There have been times in the long years since 1846 when the Vineyard Gazette carried late war news for the information of its readers. Now the war news comes by radio, soon followed by the daily newspapers. This note is printed, therefore, not for information or news, but as a memorandum for future generations who may look through old newspaper pages after they have become yellow and after, one hopes and prays, wars are over.

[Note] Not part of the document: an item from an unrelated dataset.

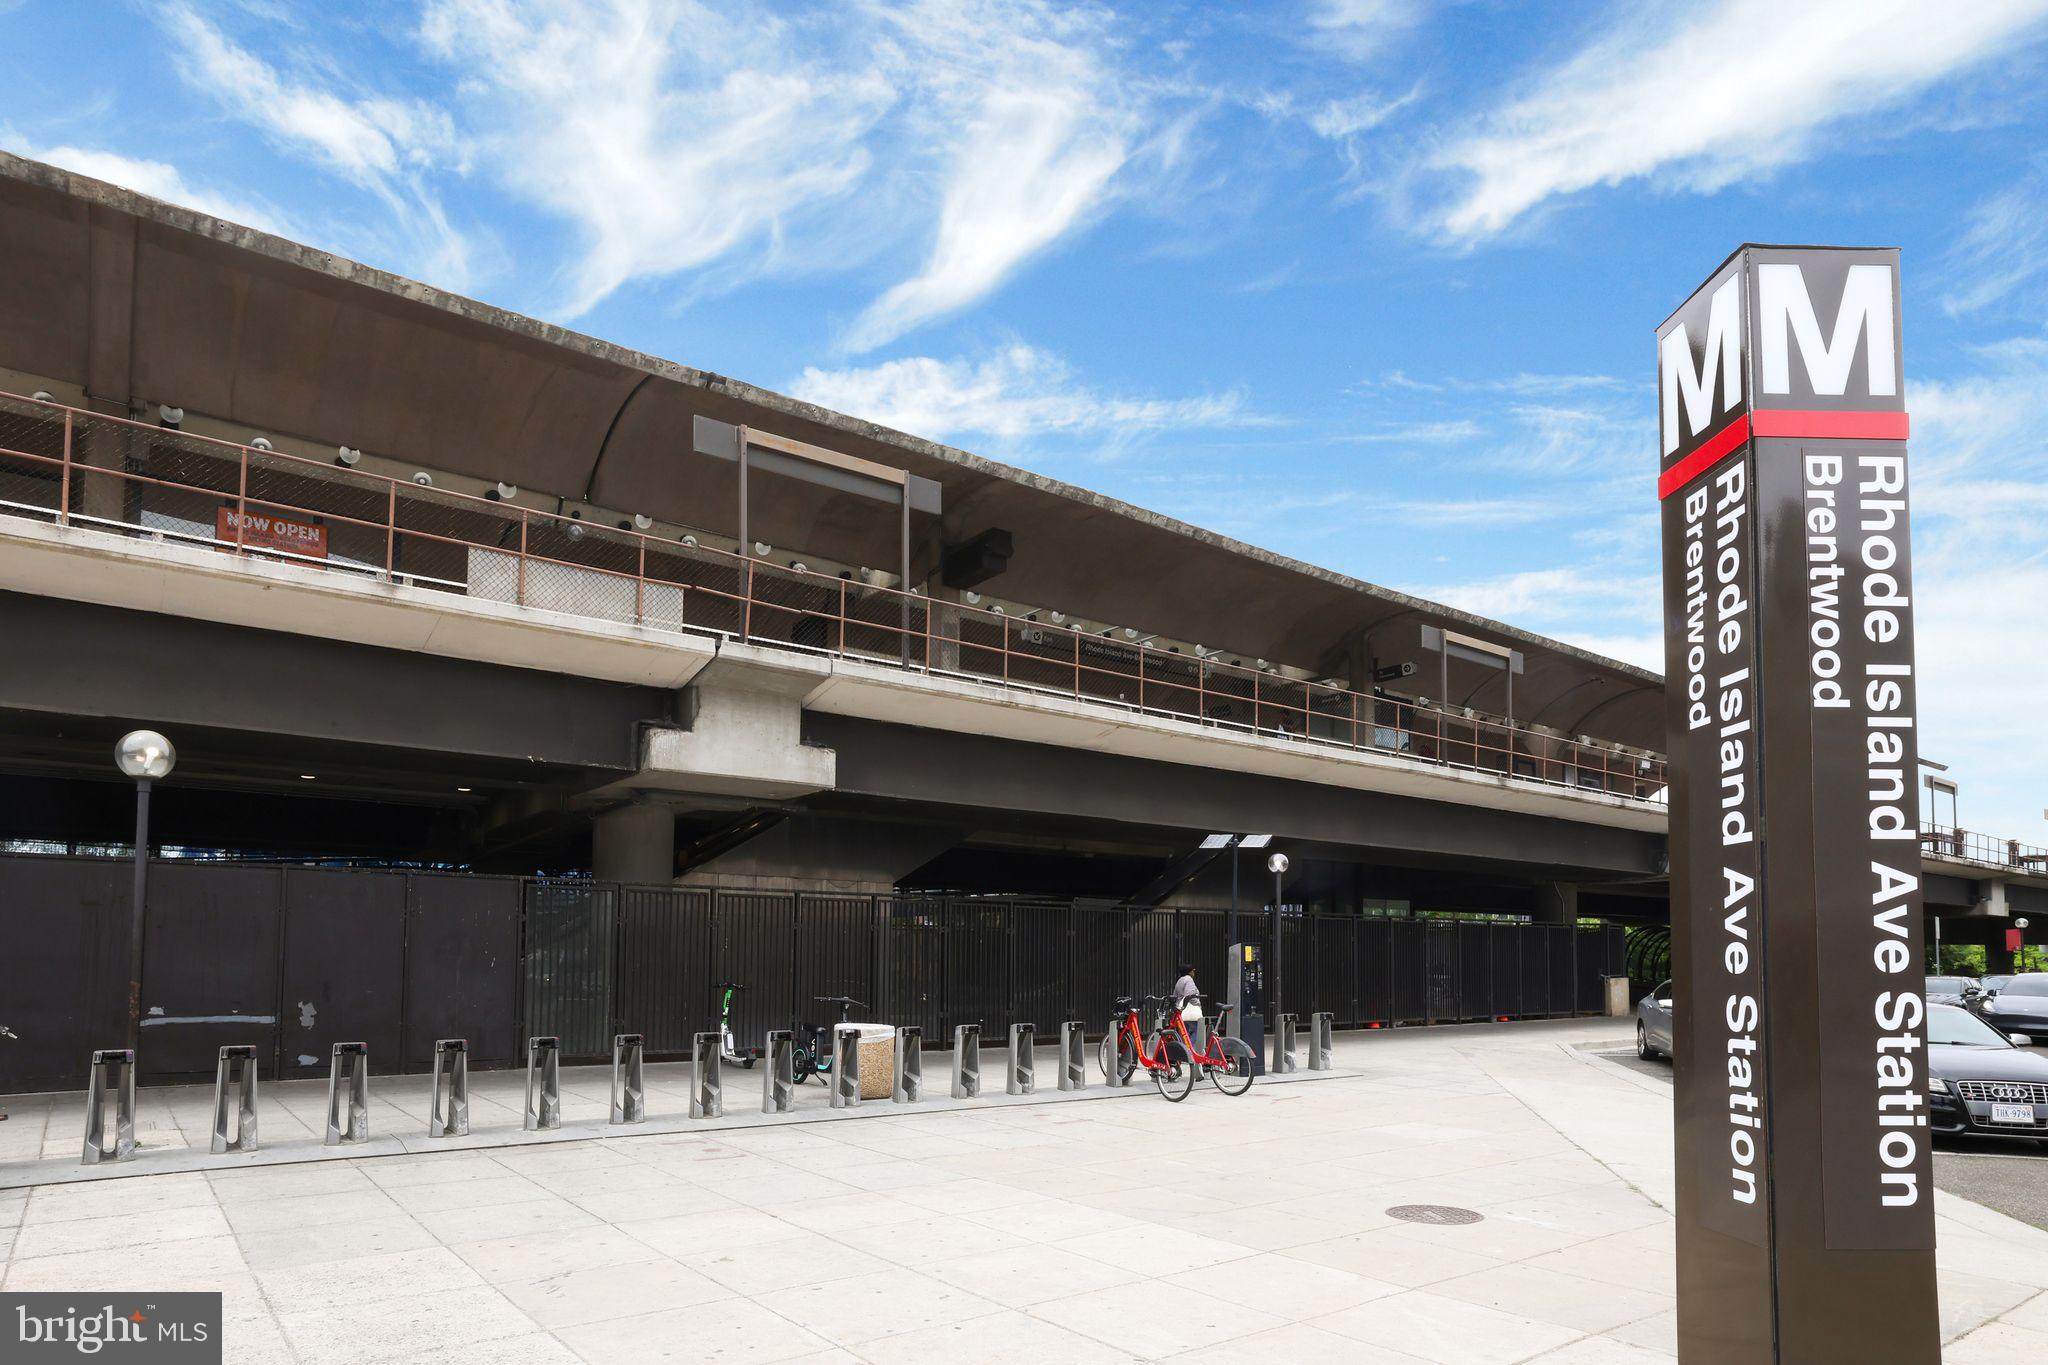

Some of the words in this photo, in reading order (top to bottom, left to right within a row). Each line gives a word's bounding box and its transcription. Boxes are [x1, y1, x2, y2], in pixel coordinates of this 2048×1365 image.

From the September 8, 1939 edition of the Vineyard Gazette:


Editorial: Our Own Reality

We turn on the radio in the morning and it fills the room with anxious news and alarms. Again and again we subject ourselves to this torrent of the strife and the woes of the world. This is being well informed.
Of course it is a marvelous thing to hear the voice of a ruler in Europe as soon as he has spoken, and to know the death caused by a bomb in Warsaw as soon as it has fallen. But there is a great danger in this marvel, and it is that the world of the radio may bury the real world of our own which is capable still of peace and happiness up to the limit of our own imperfect capacities.
No one can deny the grim reality of the warring forces in Europe, or that it is hard fact which we hear over the radio; yet the fact, unfortunately, is quickly transformed into emotion, and this emotional involvement of ours is not real. Suddenly we find ourselves listening as we listen to a closely contested baseball game or a prize-fight. Our emotions are making a game of it all in spite of our horror. This sort of thing is not real. It is a gross disproportion.
Can anyone doubt that we need to keep alive the normal things of life? It is better to still the terrible words of the radio after a time, and fill our lungs with the fresh air of the Vineyard. Beach plums are ripening, the early morning mists will soon be white, there are daily occupations to be followed through in store or office, on the farm and on the waterfront, September gilds the lands and the sea. This is ours. This is real. And it is a priceless thing to keep just as it is now, life for life’s sake, when elsewhere no such thing is possible.
Everyone is glad to be well informed, but the sheer volume and excitement of information should not be permitted to shake the peaceful pursuits which not many but Americans may now maintain in this world. It is as if we had a trust to keep for all mankind.